Ave signora, santa regina,
santa genitrice di Dio, Maria,
che sei vergine fatta Chiesa
ed eletta dal santissimo Padre celeste,
che ti ha consacrata
insieme con il santissimo suo Figlio diletto
e con lo Spirito Santo Paraclito;
tu in cui fu ed è
ogni pienezza di grazia e ogni bene.
Ave, suo palazzo,
ave, suo tabernacolo,
ave, sua casa,
ave, suo vestimento,
ave, sua ancella,
ave, sua Madre.
Francesco d’ Assisi (1181\2-1226)
Il susseguirsi dei secoli e il mutare degli eventi non hanno offuscato, anzi vieppiù hanno realizzato, le parole di Maria: “tutte le generazioni mi chiameranno beata” (Lc 1,48), in relazione alle “grandi cose (la maternità divina) fatte in me dall’ Onnipotente e Santo è il suo nome” (Lc 1,49).
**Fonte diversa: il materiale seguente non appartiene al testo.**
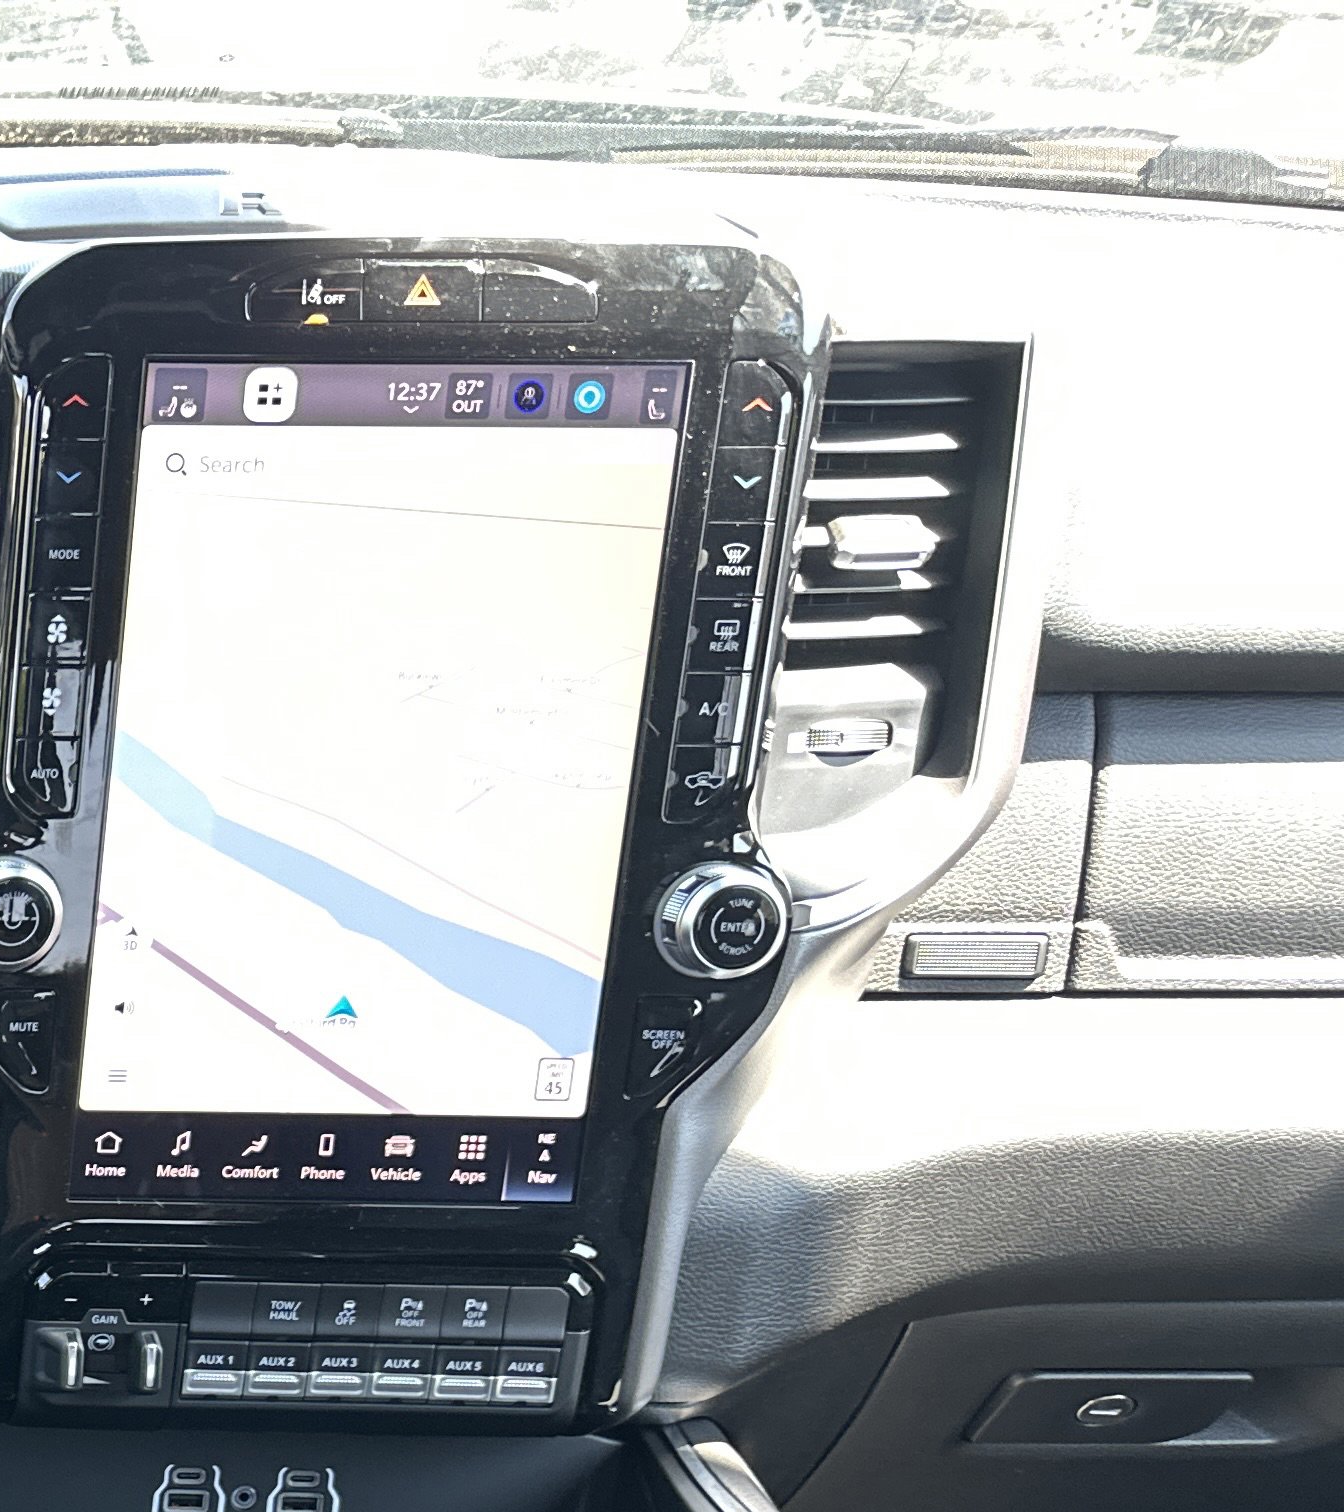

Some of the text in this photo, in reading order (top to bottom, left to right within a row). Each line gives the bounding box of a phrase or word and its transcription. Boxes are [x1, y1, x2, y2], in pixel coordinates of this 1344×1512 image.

[324, 291, 346, 305] OFF
[388, 382, 442, 402] 12:37
[455, 379, 484, 396] 87°
[452, 399, 483, 413] OUT
[199, 454, 265, 475] Search
[48, 548, 80, 560] MODE
[716, 565, 752, 577] FRONT
[709, 641, 739, 653] REAR
[698, 702, 728, 717] A/C
[30, 767, 59, 780] AUTO
[729, 899, 755, 911] TUNE
[123, 940, 138, 951] 3D
[718, 942, 753, 956] SCROLL
[9, 1021, 40, 1033] MUTE
[642, 1029, 685, 1041] SCREEN
[651, 1039, 673, 1050] OFF
[544, 1081, 562, 1095] 45
[537, 1133, 556, 1145] NE
[85, 1163, 126, 1178] Home
[156, 1164, 200, 1179] Media
[221, 1164, 279, 1180] Comfort
[300, 1165, 345, 1181] Phone
[370, 1166, 422, 1183] Vehicle
[449, 1168, 487, 1185] Apps
[527, 1170, 557, 1185] Nav
[270, 1300, 302, 1312] TOW/
[91, 1314, 118, 1325] GAIN
[269, 1311, 299, 1321] HAUL
[335, 1316, 356, 1326] OFF
[402, 1311, 419, 1319] OFF
[466, 1311, 483, 1319] OFF
[395, 1318, 425, 1328] FRONT
[463, 1319, 487, 1328] REAR
[197, 1354, 234, 1365] AUX 1
[259, 1356, 296, 1367] AUX 2
[322, 1357, 358, 1368] AUX 3
[384, 1358, 420, 1369] AUX 4
[446, 1361, 482, 1372] AUX 5
[508, 1362, 544, 1373] AUX 6
Per questo motivo i credenti di tutti i tempi l’hanno invocata e lodata: con l’angelo “il Signore è con te” (Lc 1,28), con Elisabetta: “Benedetta tu fra le donne” (Lc 1,42). L’uno le chiedeva l’assenso alla maternità messianica e divina. L’altra l’accoglieva Madre del suo Signore. Gabriele la proiettava verso il futuro. Elisabetta le parlava con i ritmi del presente. Il messaggero di Dio sollecitava fede. La parente la proclamava donna di fede: “Beata colei che ha creduto” (Lc 1,45).
Nel Magnificat anche Maria ripeterà di sé “beata” (Lc 1,48), così come affermerà una donna (Cf. Lc 11,27) dinanzi a Gesù e come soprattutto Egli stesso avrebbe precisato (Lc 11,27-28).
Il racconto dell’Annunciazione e della Visitazione presenta Maria: ricolmata di grazia, confermata in grazia, in comunione con il Signore, madre di un Figlio salvatore, Figlio di Dio, re, adombrata dallo Spirito Santo, familiare con la Trinità, serva, esultante di gioia in Dio Salvatore, donna di fede, madre benedetta del Benedetto.
Queste rivelazioni, a venire o avvenute nella vita di Maria, sono il contenuto del “chaire”, che costituisce l’inizio dell’Annunciazione.
Il “chaire” – ave, salve, gioisci ed esulta – sollecita Maria alla gioia, in riferimento a tutto ciò che le sarà manifestato: il progetto di Dio circa la sua maternità, la notizia della maternità di Elisabetta, il sussulto di Giovanni nel grembo di sua madre.
Il “chaire” di Luca, saluto non usuale ma presente in contesti messianici, ha affascinato molti padri della Chiesa e scrittori ecclesiastici, i quali, adattando a Maria immagini e figure dell’AT, hanno moltiplicato i “chaire”, sia in senso allegorico, sia a volte accomodatizio, sia affettivo e devozionale, così da comporre delle autentiche lodi litaniche.
Cherubino di Spoleto affermava che “se per mille volte al giorno dirai l’Ave Maria, per ben mille volte sarai salutato da lei”.
Bernardino da Siena attualizzava: “Sappi che come tu saluti la Vergine Maria, subito ella saluta te. Non pensare che ella sia di queste rusticaccie come assai se ne trovano: anco è tutto piacevole. Ella ti saluta ogni sera quando senti suonare l’Avemaria in qua su in vescovado. O saresti tu tanto villano, che tu non saluti lei? Come tu la saluterai, subito ella ti risponderà”.
Eugenio Foti
Meditazione tratta da Eugenio Foti, Orazionale mariano, Messina 2015.